A 2003 study co-written by Benton, based on a sample of 13,257 students followed over a 13-year period, revealed a marked increase in the number, complexity and severity of college students' mental health problems. In most areas, counselors reported a major increase in the number of students with difficulties. The number of students with depression who received counseling doubled over that period, while the number of those with suicidal tendencies tripled. If counselors' perceptions today are any indication, these trends are only worsening.

"We’re seeing an alarming number of increases in detentions, and that takes followup work when a student returns to campus," Heinselman said, adding that "we want to make sure that we’re closing that loop … that they can come back to campus and be successful as a student."

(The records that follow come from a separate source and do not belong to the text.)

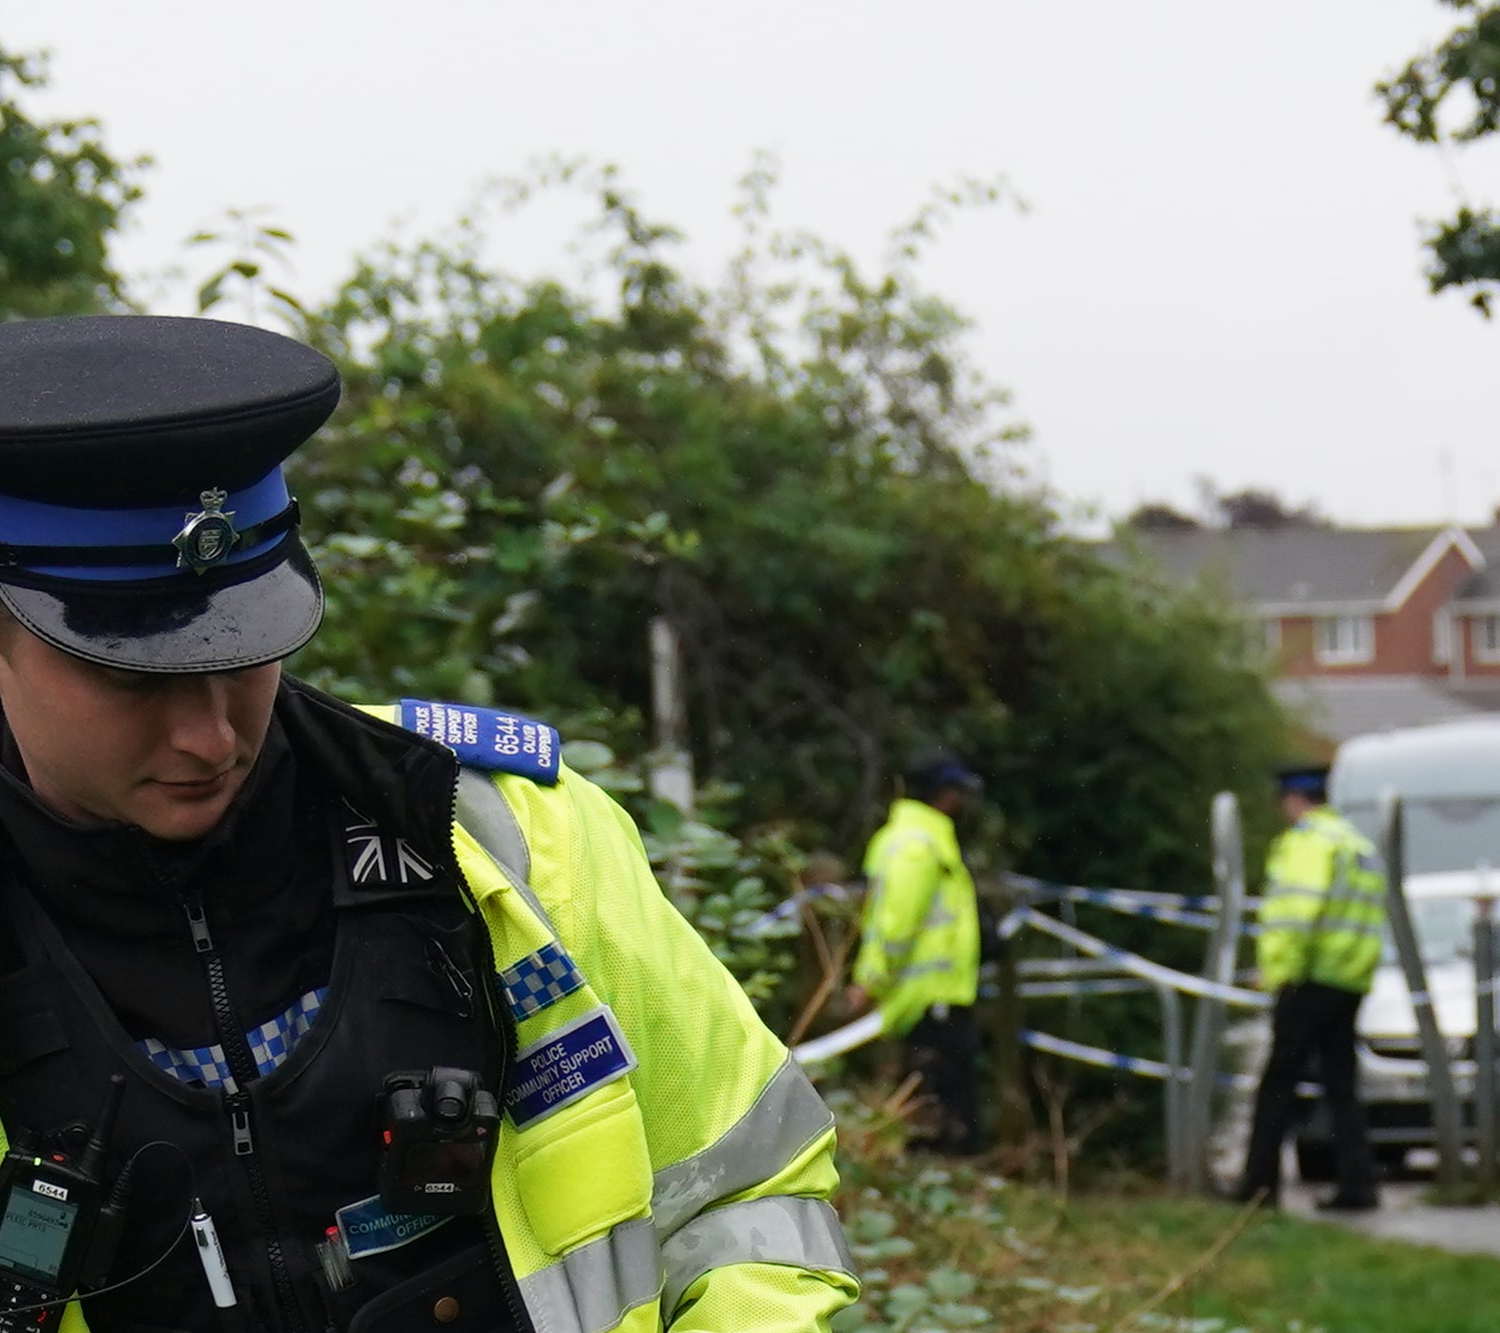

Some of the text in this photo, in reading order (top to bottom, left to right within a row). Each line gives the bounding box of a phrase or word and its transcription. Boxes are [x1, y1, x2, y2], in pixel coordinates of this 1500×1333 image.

[495, 716, 520, 755] 6544
[523, 725, 536, 754] OLIVER
[506, 1036, 613, 1105] COMMUNITY SUPPORT
[530, 1042, 567, 1073] POLICE
[542, 1072, 586, 1104] OFFICER
[39, 1184, 65, 1199] 6544

He cited some of the usual culprits -- stress, the pressure of academics -- but singled out the phenomenon of "spiraling," in which students who were on medication in high school try to get on with their lives without it once they reach the new college environment.

All of those factors are being overshadowed this year -- at least on a visceral level -- by the Virginia Tech killing spree almost a year ago. Some institutions have seen a recent spike in demand on top of the past several years' mental health trends, and while there's no way to know for sure, it has been attributed to related anxiety among both students and parents. The ACCA -sponsored survey found that over 10 percent of respondents reported a "significant increase in students seeking counseling" in the weeks after the attacks, while almost 23 percent said they received more calls from concerned parents.

"I don’t know what it means, but we certainly felt it," said John Miner, the co-director of psychological and counseling services at Williams College.

The counseling center at Williams is holding off for a year to see if the pattern continues before hiring additional staff to take on the extra case load, so for the moment, the college is resorting to reducing the length of appointments. Instead of 50-minute blocks every hour, counselors now see students for 40 out of every 45 minutes. With nine part-time counselors, Miner said, that amounts to an additional 40 slots every week.

"I think it’s a little bit unique," he said of the approach, "but it depends on the size of the university and whether you have good community resources."

Miner added: "I think institutions will have to beef up their resources and I think they will also have to get better at providing brief, supportive treatment to those students that only need that and then provide more intensive psychotherapy for ... people that need more care."